REALISM AND IDEALISM.

BY JOHN ADDINGTON SYMONDS.

SOME years ago I visited an exhibition of Italian pictures at Turin. There was not much to arrest attention in the gallery. Yet I remember two small companion panels by the same hand, labelled respectively L'Ideale and Il Reale. The first of these paintings represented a consumptive, blonde-haired girl of the Teutonic type, in pale drapery, raising her romantic eyes to a watery moonlight sky. She was sitting near a narrow Gothic window, which opened on a garden. From the darkness below sprang cypresses and a tangle of unclassified vegetation in vaporous indistinctness. The second picture introduced the public to a naked woman, flaunting in provocative animalism.
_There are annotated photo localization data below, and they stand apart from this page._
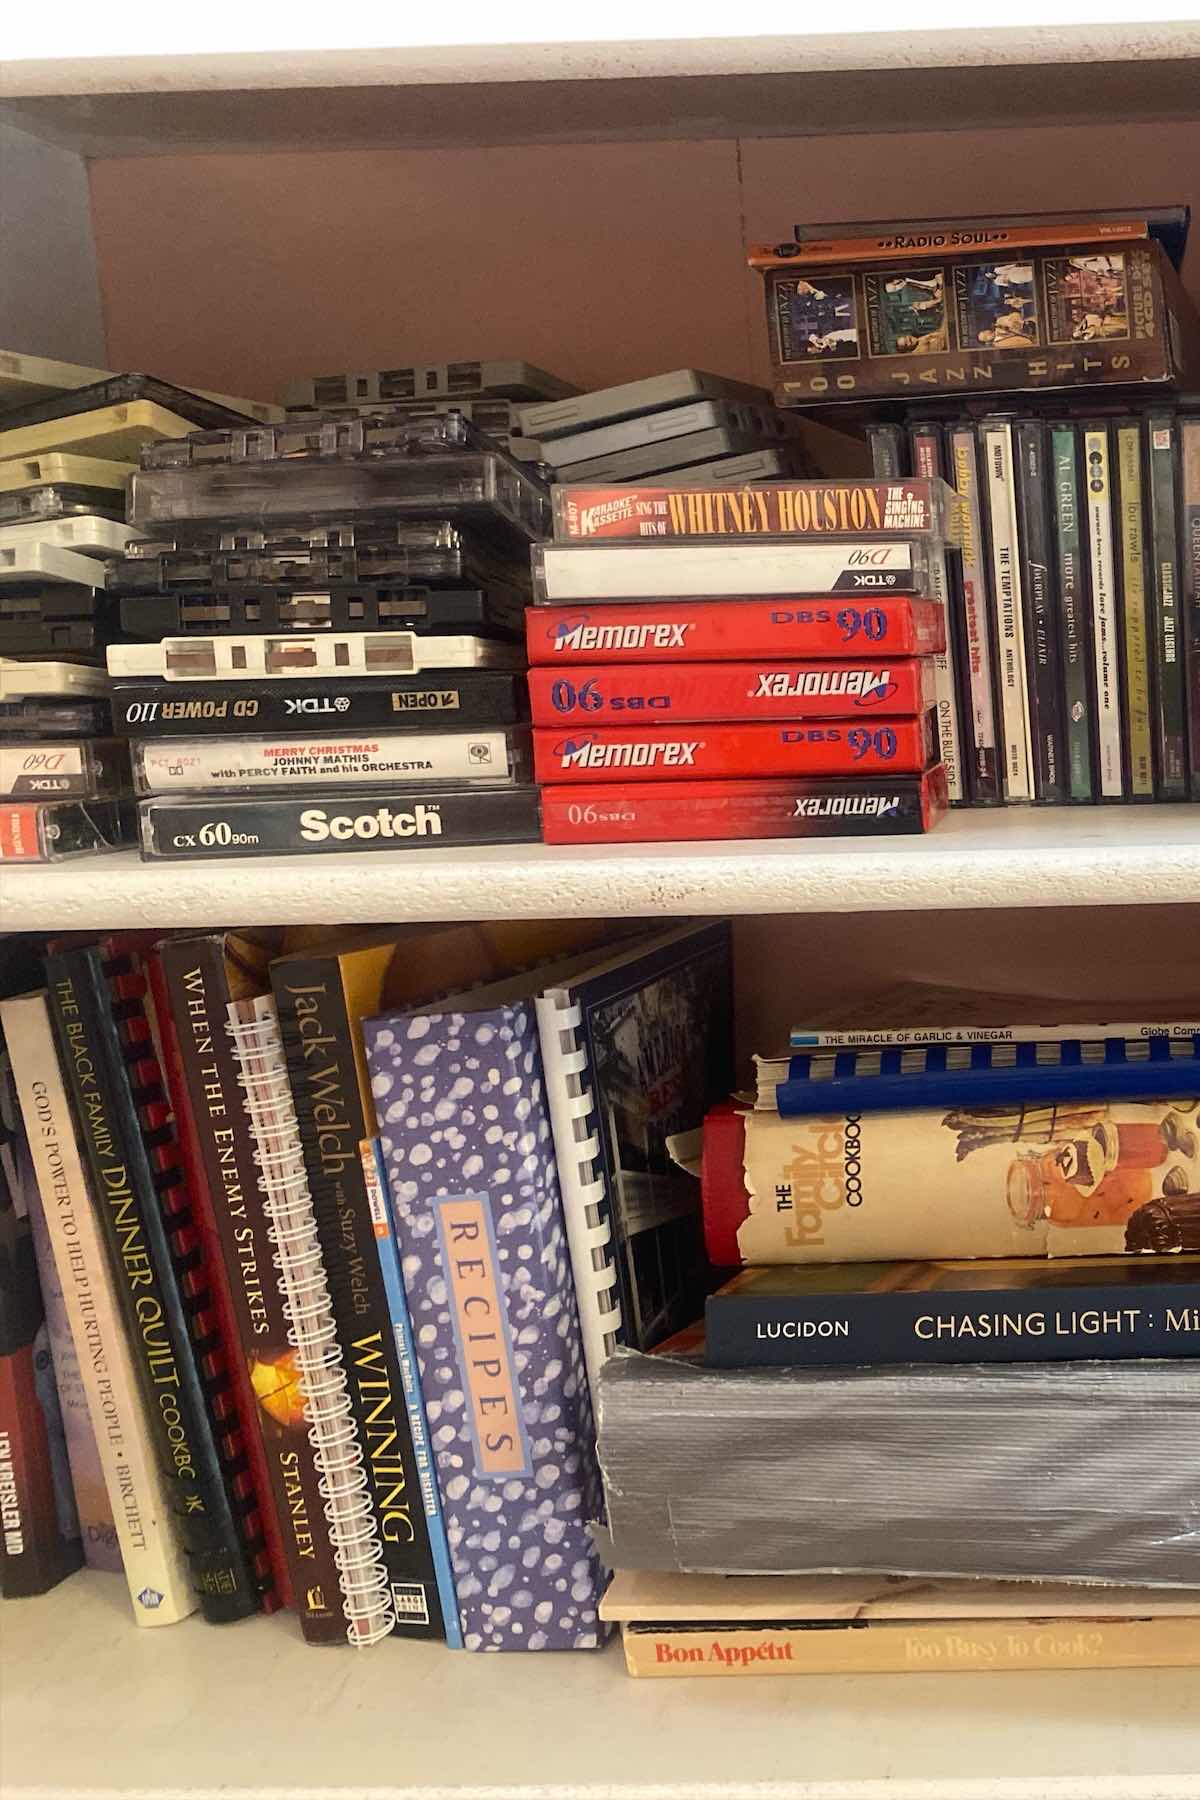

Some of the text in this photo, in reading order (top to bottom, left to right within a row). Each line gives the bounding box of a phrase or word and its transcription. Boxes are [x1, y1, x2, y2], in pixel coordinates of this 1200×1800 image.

[894, 231, 993, 249] RADIO SOUL
[892, 356, 1131, 385] JAZZ HITS
[887, 487, 904, 500] THE
[668, 488, 880, 534] WHITNEY HOUSTON
[884, 514, 926, 529] MACHINE
[848, 548, 891, 564] D90
[1058, 456, 1079, 663] AL GREEN more greatest hits
[1128, 527, 1141, 562] rawls
[853, 574, 886, 586] TDK
[1000, 548, 1014, 638] THE TEMPTATIONS
[552, 608, 888, 652] Memorex DBS 90
[969, 647, 981, 673] hits
[551, 669, 893, 713] Memorex DBS 90
[126, 698, 335, 722] TDK CD POWER 110
[264, 744, 379, 757] MERRY CHRISTMAS
[560, 727, 897, 769] Memorex DBS 90
[938, 700, 957, 787] ON THE BLUE SIDE
[24, 754, 64, 770] D60
[211, 761, 433, 778] with PERCY FAITH and his ORCHESTRA
[273, 753, 369, 767] JOHNNY MATHIS
[30, 779, 62, 790] TDK
[300, 805, 442, 841] Scotch
[568, 795, 899, 825] Memorex 90
[199, 822, 232, 847] 60
[284, 983, 337, 1060] Jack
[824, 1030, 1014, 1045] THE MIRACLE OF GARLIC VINEGAR
[307, 1063, 358, 1177] Welch
[55, 978, 180, 1388] THE BLACK FAMILY DINNER QUILT
[775, 1184, 792, 1213] THE
[336, 1207, 361, 1255] Suzy
[182, 967, 315, 1560] WHEN THE ENEMY STRIKES STANLEY
[347, 1255, 372, 1315] Welch
[32, 1081, 147, 1551] GOD'S POWER TO HELP HURTING PEOPLE BIRCHETT
[756, 1319, 849, 1339] LUCIDON
[914, 1311, 1045, 1340] CHASING
[449, 1220, 513, 1454] RECIPES
[350, 1329, 415, 1544] WINNING
[410, 1415, 437, 1516] RECIPE FOR DISASTER
[5, 1531, 24, 1555] MD
[656, 1635, 998, 1667] Bon Appétit Busy
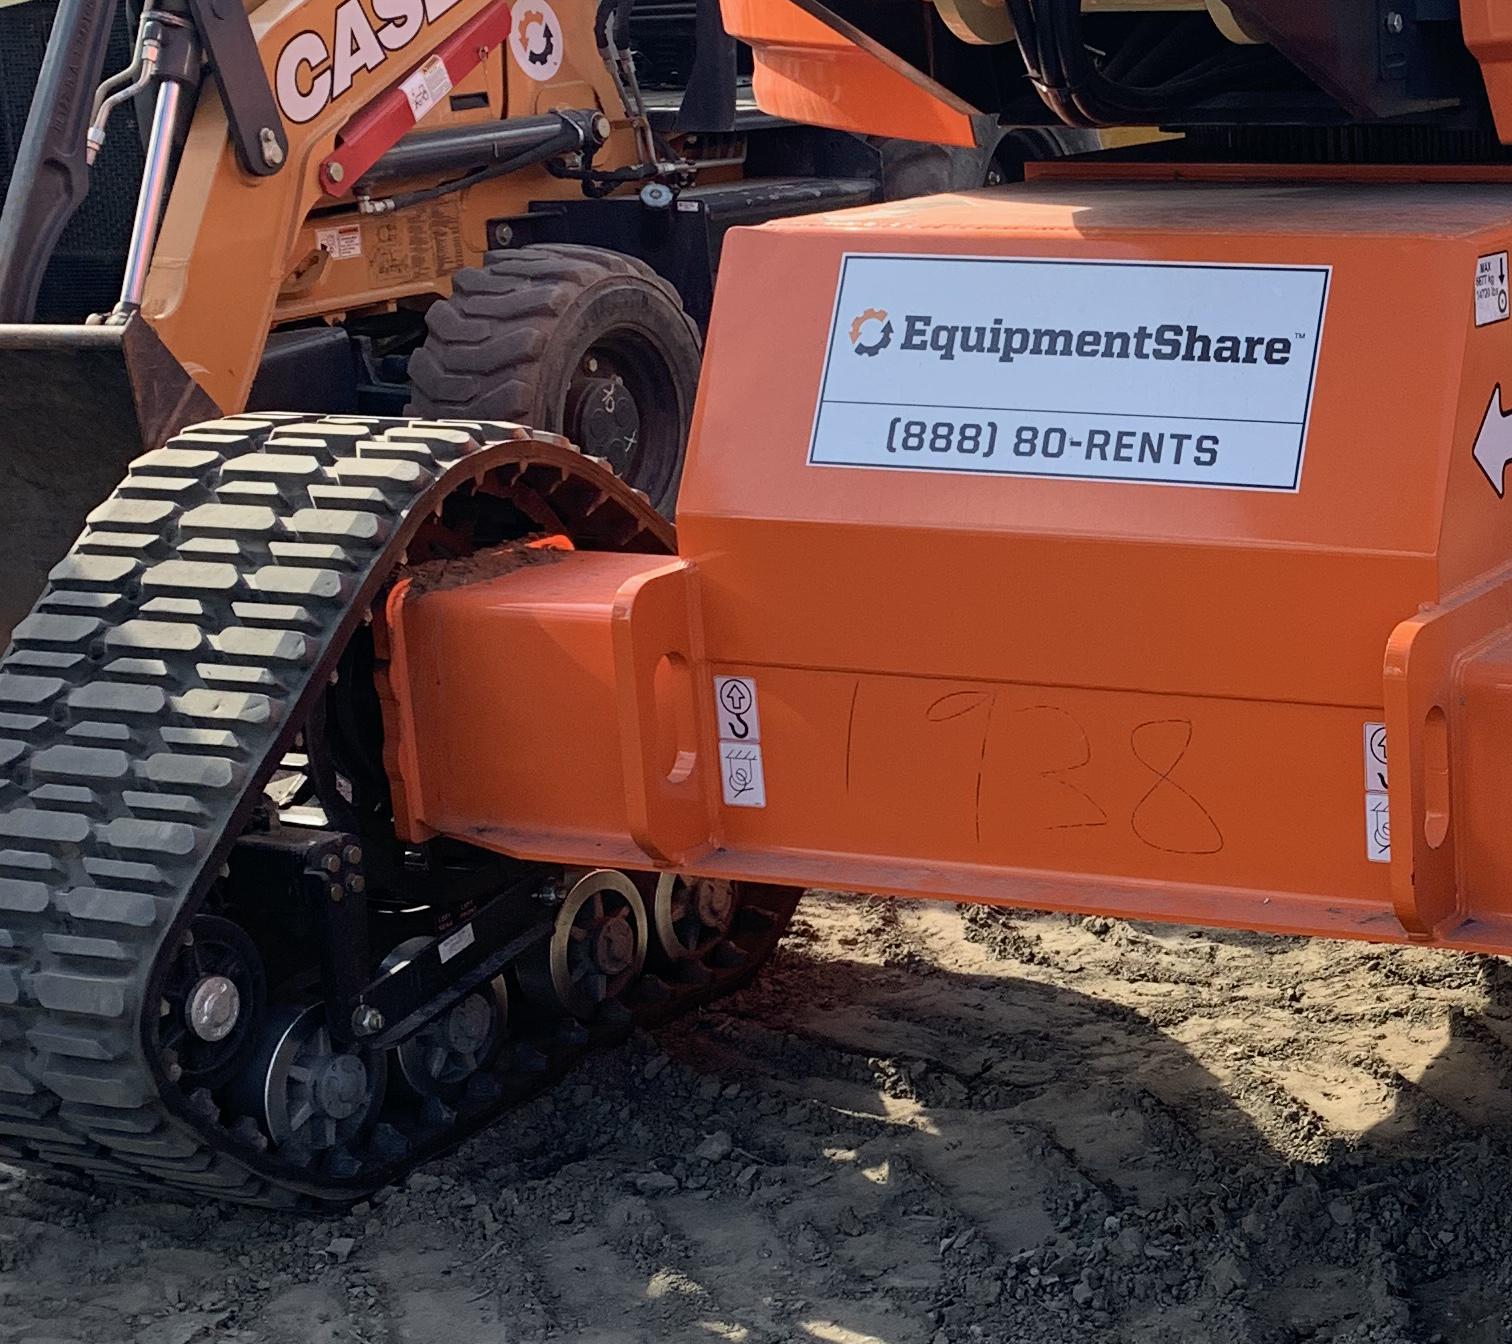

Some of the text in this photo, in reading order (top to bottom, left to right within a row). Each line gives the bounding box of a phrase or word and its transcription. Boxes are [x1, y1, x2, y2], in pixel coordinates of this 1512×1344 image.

[1480, 262, 1491, 273] MAX
[899, 314, 1292, 366] EquipmentShare
[886, 417, 1220, 467] (888) 80-RENTS
She lolled along a bed, with hard light beating on her body, intensified by hangings of a hot red tone. Under the glare of that NEW SERIES.-VOL. XLVI., No. 5

illumination her flesh shone like copper, smooth as satin; and the blue-black curls upon her shoulders writhed like snakes.

Both of these pictures were ugly; but while the Ideal was tamely conceived and feebly executed, the Real displayed enthusiasm, joy in the subject, something of the vigor derived from sympathy and from revolt. The artist had evidently studied this symbolic figure from the life, whereas her foil and pendent, the sentimental maiden, was a figment of his scornful fancy. It seemed clear that he intended to caricature the Ideal, and to record his preference for the Real as men find it in some mauvais lieu.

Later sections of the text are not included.